ECE2023 Oral Communications Oral Communications 11: Late Breaking (6 abstracts)
1University Hospital Würzburg, Division of Endocrinology and Diabetes, Würzburg, Germany; 2University of Würzburg, Institute of Pathology, Würzburg, Germany; 3University Hospital Würzburg, Comprehensive Heart Failure Center, Würzburg, Germany; 4University Hospital Carl Gustav Carus, Department of Internal Medicine III, Dresden, Germany
Background: Non-alcoholic fatty liver disease (NAFLD) is a common comorbidity in obese individuals. GLP-1 agonists, such as semaglutide, and SGLT-2 inhibitors, such as empagliflozin, are well known to be beneficial in NAFLD, while other incretins, like peptide tyrosine tyrosine 3-36 (PYY3-36), might be also useful for the treatment of NAFLD. We directly compared the effects of semaglutide alone and in combination with peptide tyrosine tyrosine 3-36 (PYY3-36), empagliflozin and semaglutide+empagliflozin as well as antagonists of GLP-1 and PYY on liver health.
Methods: High-fat diet (HFD)-induced obese male Wistar rats (n=55; mean weight 262 g) were randomized into the following treatment groups: semaglutide, semaglutide+PYY3-36, empagliflozin, semaglutide+empagliflozin, JNJ-31020028 (NPY-Y2 receptor antagonist), JNJ-31020028+exendin 9-39 (GLP-1 antagonist), and saline. Animals had free access to high- and low-fat diet. Body weight and food preference were measured on a daily basis. After an observation period of 8 weeks, liver samples were histologically evaluated (modified Kleiner steatosis score for rodents, higher scores indicating higher grades of steatosis).

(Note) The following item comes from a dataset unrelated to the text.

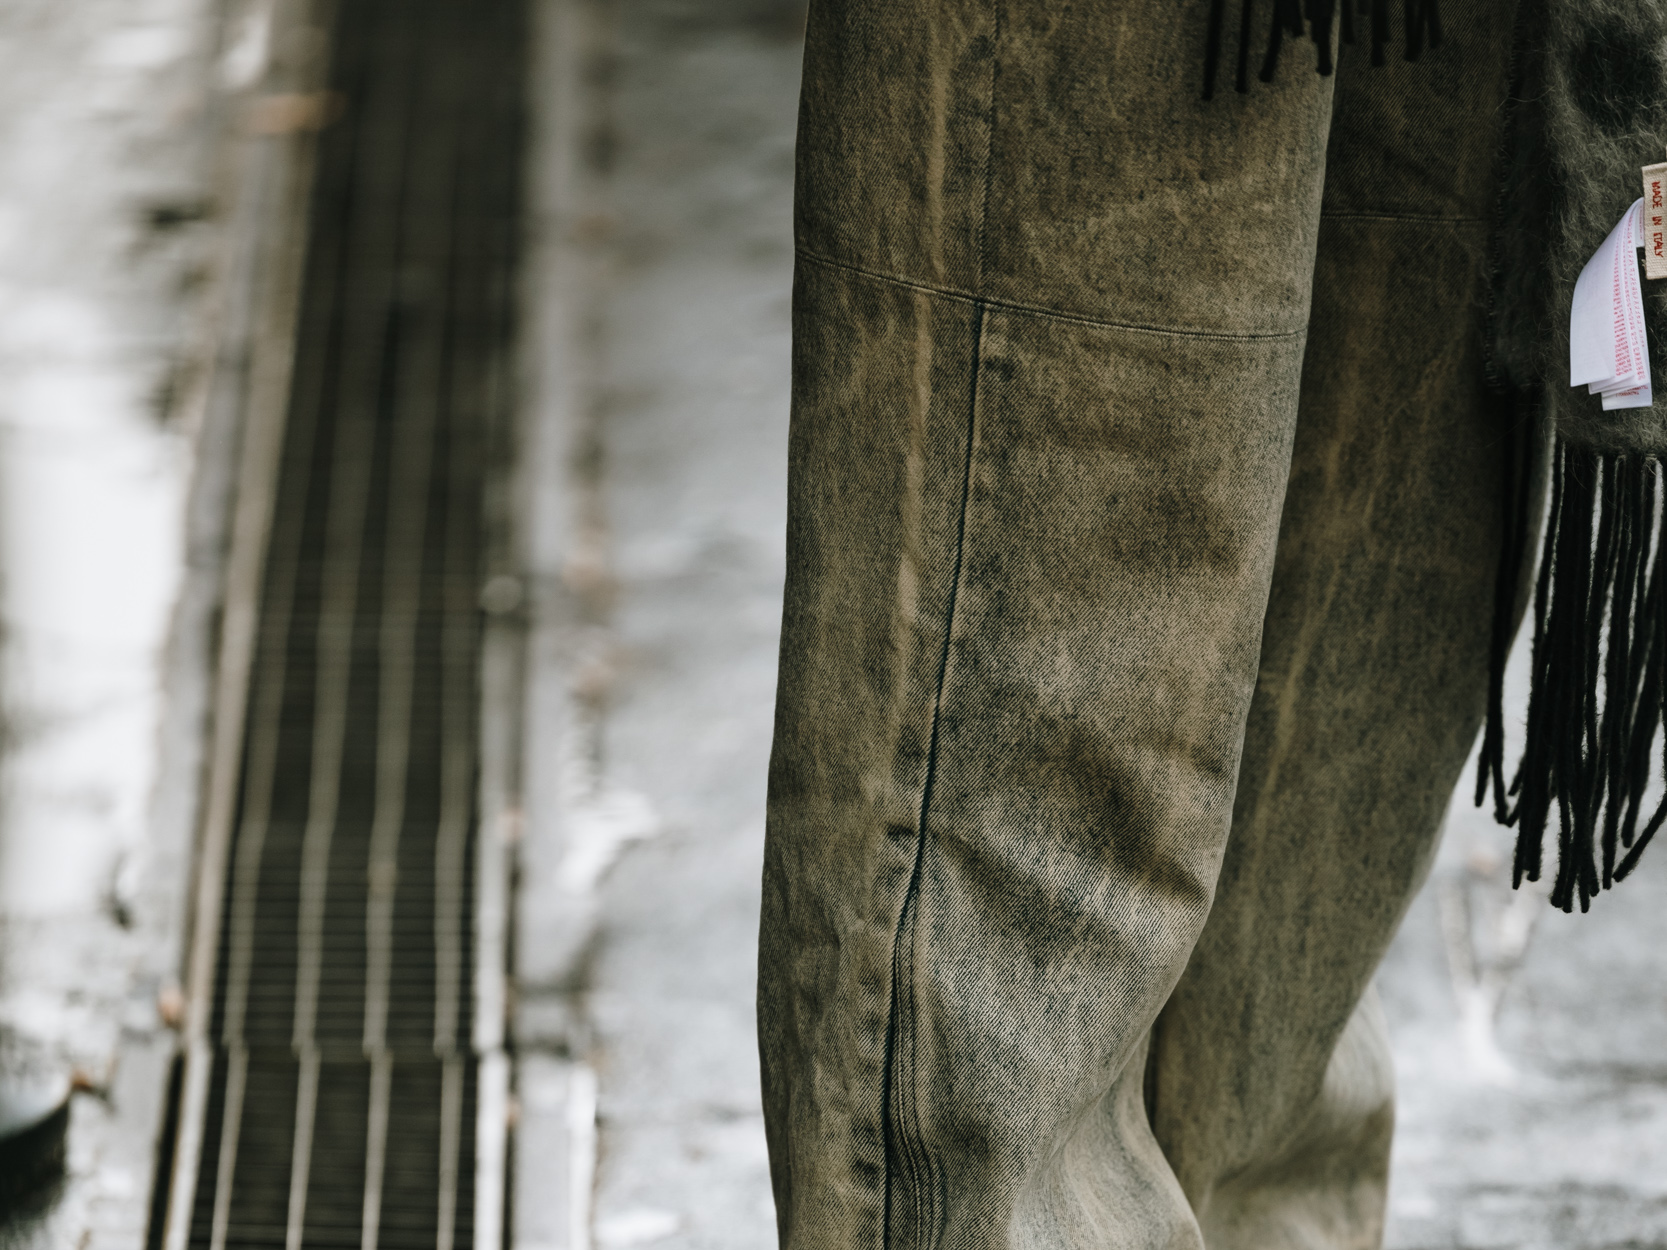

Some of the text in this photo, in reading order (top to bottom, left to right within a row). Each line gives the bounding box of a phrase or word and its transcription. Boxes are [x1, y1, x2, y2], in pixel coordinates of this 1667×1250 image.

[1652, 181, 1664, 258] MADE IN ITALY

Results: Semaglutide and more pronounced semaglutide+PYY3-36 treatment led to weight loss, reduced overall food intake and (less pronounced) reduced high-fat preference compared to saline controls. Although less effective regarding food intake/body weight, semaglutide monotherapy revealed similar beneficial effects on the liver as semaglutide+PYY3-36, which had both antisteatotic effects (mean score 0.7±1.2 for semaglutide alone and 0.2±0.5 for the combination). Empaglifolzin had no effects on body weight and food preference, but was effective in reducing steatosis alone (mean score 0.8±0.8) and more pronounced in combination with semaglutide (mean score 0.0±0.0). JNJ-31020028, an antagonist of the NPY-Y2 receptor, and the combination of JNJ-31020028 and exendin 9-39 led to an increased high-fat diet preference and to the worsening of steatosis compared to saline treatment (mean score 2.3±0.6 in both groups).
Conclusions: Semaglutide, semaglutide+PYY3-36 combination therapy, empagliflozin, and semaglutide+empagliflozin are highly effective in improving liver health. Interestingly, treatment with GLP-1 and PYY (NPY-Y2-R) antagonists led to the aggravation of hepatic steatosis. This underlines the potential of GLP-1 and PYY-36 agonists in the treatment of obesity and related NAFLD. The positive effects of empagliflozin on liver health, however, seem to be independent of body weight and food preference. Further approaches will go for underlying mechanistical aspects.